(Items listed in a dataset)
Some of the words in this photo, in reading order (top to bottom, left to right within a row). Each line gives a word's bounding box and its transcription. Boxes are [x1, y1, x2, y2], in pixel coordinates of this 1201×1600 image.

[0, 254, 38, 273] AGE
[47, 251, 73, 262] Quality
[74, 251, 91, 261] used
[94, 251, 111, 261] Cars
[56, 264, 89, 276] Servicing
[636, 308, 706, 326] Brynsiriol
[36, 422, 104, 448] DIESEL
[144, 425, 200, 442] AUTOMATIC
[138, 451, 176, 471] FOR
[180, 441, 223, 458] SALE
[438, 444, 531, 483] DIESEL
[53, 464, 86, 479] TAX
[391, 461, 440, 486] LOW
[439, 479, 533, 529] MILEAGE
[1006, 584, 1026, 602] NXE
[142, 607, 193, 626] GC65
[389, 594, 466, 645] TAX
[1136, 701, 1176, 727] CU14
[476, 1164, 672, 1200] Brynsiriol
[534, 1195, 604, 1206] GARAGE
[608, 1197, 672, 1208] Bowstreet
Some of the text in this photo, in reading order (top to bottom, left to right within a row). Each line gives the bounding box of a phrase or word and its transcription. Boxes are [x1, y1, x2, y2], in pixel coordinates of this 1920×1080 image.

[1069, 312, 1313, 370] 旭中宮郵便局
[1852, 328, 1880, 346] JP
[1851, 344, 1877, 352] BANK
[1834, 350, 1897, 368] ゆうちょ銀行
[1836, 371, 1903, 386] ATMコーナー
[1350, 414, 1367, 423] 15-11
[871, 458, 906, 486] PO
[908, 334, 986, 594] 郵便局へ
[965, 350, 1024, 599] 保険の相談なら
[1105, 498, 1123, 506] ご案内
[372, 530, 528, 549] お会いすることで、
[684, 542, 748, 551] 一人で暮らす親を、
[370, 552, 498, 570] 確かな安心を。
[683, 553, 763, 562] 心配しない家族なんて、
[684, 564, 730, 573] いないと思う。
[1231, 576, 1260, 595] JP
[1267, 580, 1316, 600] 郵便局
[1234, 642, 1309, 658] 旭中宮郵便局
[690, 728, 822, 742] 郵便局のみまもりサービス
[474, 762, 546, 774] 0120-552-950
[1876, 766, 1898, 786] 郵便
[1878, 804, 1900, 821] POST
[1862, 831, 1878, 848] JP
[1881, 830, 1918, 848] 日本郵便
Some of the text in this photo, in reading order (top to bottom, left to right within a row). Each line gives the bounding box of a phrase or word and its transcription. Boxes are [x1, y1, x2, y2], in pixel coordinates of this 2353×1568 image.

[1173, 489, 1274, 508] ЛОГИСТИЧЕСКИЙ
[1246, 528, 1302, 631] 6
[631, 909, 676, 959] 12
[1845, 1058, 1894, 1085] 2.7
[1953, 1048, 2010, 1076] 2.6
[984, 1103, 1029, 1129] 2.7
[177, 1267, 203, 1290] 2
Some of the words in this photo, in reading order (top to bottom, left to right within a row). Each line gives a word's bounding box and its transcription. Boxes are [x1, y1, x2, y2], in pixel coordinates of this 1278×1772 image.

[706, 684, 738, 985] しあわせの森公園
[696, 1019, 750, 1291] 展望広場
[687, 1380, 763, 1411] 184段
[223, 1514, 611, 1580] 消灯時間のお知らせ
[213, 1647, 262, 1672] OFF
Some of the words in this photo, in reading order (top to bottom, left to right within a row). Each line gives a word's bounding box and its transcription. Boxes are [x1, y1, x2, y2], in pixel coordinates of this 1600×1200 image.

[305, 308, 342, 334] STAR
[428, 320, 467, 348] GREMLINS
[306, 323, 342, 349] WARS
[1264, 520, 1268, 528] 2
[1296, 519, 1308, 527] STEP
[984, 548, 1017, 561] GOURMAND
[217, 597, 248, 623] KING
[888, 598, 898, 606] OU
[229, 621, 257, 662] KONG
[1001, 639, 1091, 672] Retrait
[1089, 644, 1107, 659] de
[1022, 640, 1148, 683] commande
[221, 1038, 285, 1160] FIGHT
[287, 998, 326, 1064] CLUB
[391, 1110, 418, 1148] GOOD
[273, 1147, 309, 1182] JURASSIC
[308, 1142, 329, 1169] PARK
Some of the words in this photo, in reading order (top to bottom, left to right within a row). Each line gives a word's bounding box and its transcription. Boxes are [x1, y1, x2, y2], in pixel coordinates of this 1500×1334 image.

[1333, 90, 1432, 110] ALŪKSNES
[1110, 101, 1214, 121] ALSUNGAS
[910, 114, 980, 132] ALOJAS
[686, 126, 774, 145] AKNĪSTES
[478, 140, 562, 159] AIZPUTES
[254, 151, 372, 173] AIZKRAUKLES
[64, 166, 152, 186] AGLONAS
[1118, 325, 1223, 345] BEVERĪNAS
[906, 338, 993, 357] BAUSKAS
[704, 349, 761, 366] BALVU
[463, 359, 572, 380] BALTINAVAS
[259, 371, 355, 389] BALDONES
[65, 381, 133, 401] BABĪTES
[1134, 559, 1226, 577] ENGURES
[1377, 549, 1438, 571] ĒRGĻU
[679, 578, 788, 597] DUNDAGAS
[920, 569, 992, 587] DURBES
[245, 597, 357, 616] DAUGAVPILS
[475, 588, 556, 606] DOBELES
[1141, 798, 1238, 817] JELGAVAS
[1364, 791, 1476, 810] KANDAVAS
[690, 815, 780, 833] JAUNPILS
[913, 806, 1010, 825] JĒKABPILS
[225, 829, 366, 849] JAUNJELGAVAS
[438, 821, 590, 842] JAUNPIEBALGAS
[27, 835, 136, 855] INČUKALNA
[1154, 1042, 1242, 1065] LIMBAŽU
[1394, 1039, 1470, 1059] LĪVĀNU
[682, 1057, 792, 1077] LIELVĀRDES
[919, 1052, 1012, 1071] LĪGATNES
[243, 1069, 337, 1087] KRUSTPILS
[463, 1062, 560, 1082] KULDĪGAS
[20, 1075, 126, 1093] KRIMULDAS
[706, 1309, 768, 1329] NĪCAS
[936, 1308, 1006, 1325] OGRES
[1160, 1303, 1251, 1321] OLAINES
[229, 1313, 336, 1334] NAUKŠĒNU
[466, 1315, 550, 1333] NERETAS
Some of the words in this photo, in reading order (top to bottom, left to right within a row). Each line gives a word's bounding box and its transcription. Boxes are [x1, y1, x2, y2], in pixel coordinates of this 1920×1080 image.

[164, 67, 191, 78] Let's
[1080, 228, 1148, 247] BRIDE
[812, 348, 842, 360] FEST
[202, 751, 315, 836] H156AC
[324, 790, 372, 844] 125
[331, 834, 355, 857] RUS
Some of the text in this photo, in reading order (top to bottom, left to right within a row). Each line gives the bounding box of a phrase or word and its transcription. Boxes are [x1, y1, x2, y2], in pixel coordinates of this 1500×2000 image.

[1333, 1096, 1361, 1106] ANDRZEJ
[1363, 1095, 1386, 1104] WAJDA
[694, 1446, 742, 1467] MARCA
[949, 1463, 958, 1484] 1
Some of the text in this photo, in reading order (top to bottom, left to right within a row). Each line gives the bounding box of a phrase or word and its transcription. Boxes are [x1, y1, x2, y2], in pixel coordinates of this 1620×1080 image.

**What is being asked**
Give the records above again, word for word.

**Task result**
Some of the words in this photo, in reading order (top to bottom, left to right within a row). Each line gives a word's bounding box and its transcription. Boxes are [x1, y1, x2, y2], in pixel coordinates of this 1201×1600 image.

[0, 254, 38, 273] AGE
[47, 251, 73, 262] Quality
[74, 251, 91, 261] used
[94, 251, 111, 261] Cars
[56, 264, 89, 276] Servicing
[636, 308, 706, 326] Brynsiriol
[36, 422, 104, 448] DIESEL
[144, 425, 200, 442] AUTOMATIC
[138, 451, 176, 471] FOR
[180, 441, 223, 458] SALE
[438, 444, 531, 483] DIESEL
[53, 464, 86, 479] TAX
[391, 461, 440, 486] LOW
[439, 479, 533, 529] MILEAGE
[1006, 584, 1026, 602] NXE
[142, 607, 193, 626] GC65
[389, 594, 466, 645] TAX
[1136, 701, 1176, 727] CU14
[476, 1164, 672, 1200] Brynsiriol
[534, 1195, 604, 1206] GARAGE
[608, 1197, 672, 1208] Bowstreet
Some of the text in this photo, in reading order (top to bottom, left to right within a row). Each line gives the bounding box of a phrase or word and its transcription. Boxes are [x1, y1, x2, y2], in pixel coordinates of this 1920×1080 image.

[1069, 312, 1313, 370] 旭中宮郵便局
[1852, 328, 1880, 346] JP
[1851, 344, 1877, 352] BANK
[1834, 350, 1897, 368] ゆうちょ銀行
[1836, 371, 1903, 386] ATMコーナー
[1350, 414, 1367, 423] 15-11
[871, 458, 906, 486] PO
[908, 334, 986, 594] 郵便局へ
[965, 350, 1024, 599] 保険の相談なら
[1105, 498, 1123, 506] ご案内
[372, 530, 528, 549] お会いすることで、
[684, 542, 748, 551] 一人で暮らす親を、
[370, 552, 498, 570] 確かな安心を。
[683, 553, 763, 562] 心配しない家族なんて、
[684, 564, 730, 573] いないと思う。
[1231, 576, 1260, 595] JP
[1267, 580, 1316, 600] 郵便局
[1234, 642, 1309, 658] 旭中宮郵便局
[690, 728, 822, 742] 郵便局のみまもりサービス
[474, 762, 546, 774] 0120-552-950
[1876, 766, 1898, 786] 郵便
[1878, 804, 1900, 821] POST
[1862, 831, 1878, 848] JP
[1881, 830, 1918, 848] 日本郵便
Some of the text in this photo, in reading order (top to bottom, left to right within a row). Each line gives the bounding box of a phrase or word and its transcription. Boxes are [x1, y1, x2, y2], in pixel coordinates of this 2353×1568 image.

[1173, 489, 1274, 508] ЛОГИСТИЧЕСКИЙ
[1246, 528, 1302, 631] 6
[631, 909, 676, 959] 12
[1845, 1058, 1894, 1085] 2.7
[1953, 1048, 2010, 1076] 2.6
[984, 1103, 1029, 1129] 2.7
[177, 1267, 203, 1290] 2
Some of the words in this photo, in reading order (top to bottom, left to right within a row). Each line gives a word's bounding box and its transcription. Boxes are [x1, y1, x2, y2], in pixel coordinates of this 1278×1772 image.

[706, 684, 738, 985] しあわせの森公園
[696, 1019, 750, 1291] 展望広場
[687, 1380, 763, 1411] 184段
[223, 1514, 611, 1580] 消灯時間のお知らせ
[213, 1647, 262, 1672] OFF
Some of the words in this photo, in reading order (top to bottom, left to right within a row). Each line gives a word's bounding box and its transcription. Boxes are [x1, y1, x2, y2], in pixel coordinates of this 1600×1200 image.

[305, 308, 342, 334] STAR
[428, 320, 467, 348] GREMLINS
[306, 323, 342, 349] WARS
[1264, 520, 1268, 528] 2
[1296, 519, 1308, 527] STEP
[984, 548, 1017, 561] GOURMAND
[217, 597, 248, 623] KING
[888, 598, 898, 606] OU
[229, 621, 257, 662] KONG
[1001, 639, 1091, 672] Retrait
[1089, 644, 1107, 659] de
[1022, 640, 1148, 683] commande
[221, 1038, 285, 1160] FIGHT
[287, 998, 326, 1064] CLUB
[391, 1110, 418, 1148] GOOD
[273, 1147, 309, 1182] JURASSIC
[308, 1142, 329, 1169] PARK
Some of the words in this photo, in reading order (top to bottom, left to right within a row). Each line gives a word's bounding box and its transcription. Boxes are [x1, y1, x2, y2], in pixel coordinates of this 1500×1334 image.

[1333, 90, 1432, 110] ALŪKSNES
[1110, 101, 1214, 121] ALSUNGAS
[910, 114, 980, 132] ALOJAS
[686, 126, 774, 145] AKNĪSTES
[478, 140, 562, 159] AIZPUTES
[254, 151, 372, 173] AIZKRAUKLES
[64, 166, 152, 186] AGLONAS
[1118, 325, 1223, 345] BEVERĪNAS
[906, 338, 993, 357] BAUSKAS
[704, 349, 761, 366] BALVU
[463, 359, 572, 380] BALTINAVAS
[259, 371, 355, 389] BALDONES
[65, 381, 133, 401] BABĪTES
[1134, 559, 1226, 577] ENGURES
[1377, 549, 1438, 571] ĒRGĻU
[679, 578, 788, 597] DUNDAGAS
[920, 569, 992, 587] DURBES
[245, 597, 357, 616] DAUGAVPILS
[475, 588, 556, 606] DOBELES
[1141, 798, 1238, 817] JELGAVAS
[1364, 791, 1476, 810] KANDAVAS
[690, 815, 780, 833] JAUNPILS
[913, 806, 1010, 825] JĒKABPILS
[225, 829, 366, 849] JAUNJELGAVAS
[438, 821, 590, 842] JAUNPIEBALGAS
[27, 835, 136, 855] INČUKALNA
[1154, 1042, 1242, 1065] LIMBAŽU
[1394, 1039, 1470, 1059] LĪVĀNU
[682, 1057, 792, 1077] LIELVĀRDES
[919, 1052, 1012, 1071] LĪGATNES
[243, 1069, 337, 1087] KRUSTPILS
[463, 1062, 560, 1082] KULDĪGAS
[20, 1075, 126, 1093] KRIMULDAS
[706, 1309, 768, 1329] NĪCAS
[936, 1308, 1006, 1325] OGRES
[1160, 1303, 1251, 1321] OLAINES
[229, 1313, 336, 1334] NAUKŠĒNU
[466, 1315, 550, 1333] NERETAS
Some of the words in this photo, in reading order (top to bottom, left to right within a row). Each line gives a word's bounding box and its transcription. Boxes are [x1, y1, x2, y2], in pixel coordinates of this 1920×1080 image.

[164, 67, 191, 78] Let's
[1080, 228, 1148, 247] BRIDE
[812, 348, 842, 360] FEST
[202, 751, 315, 836] H156AC
[324, 790, 372, 844] 125
[331, 834, 355, 857] RUS
Some of the text in this photo, in reading order (top to bottom, left to right within a row). Each line gives the bounding box of a phrase or word and its transcription. Boxes are [x1, y1, x2, y2], in pixel coordinates of this 1500×2000 image.

[1333, 1096, 1361, 1106] ANDRZEJ
[1363, 1095, 1386, 1104] WAJDA
[694, 1446, 742, 1467] MARCA
[949, 1463, 958, 1484] 1
Some of the text in this photo, in reading order (top to bottom, left to right within a row). Each line gives the bounding box of a phrase or word and its transcription. Boxes are [x1, y1, x2, y2], in pixel coordinates of this 1620×1080 image.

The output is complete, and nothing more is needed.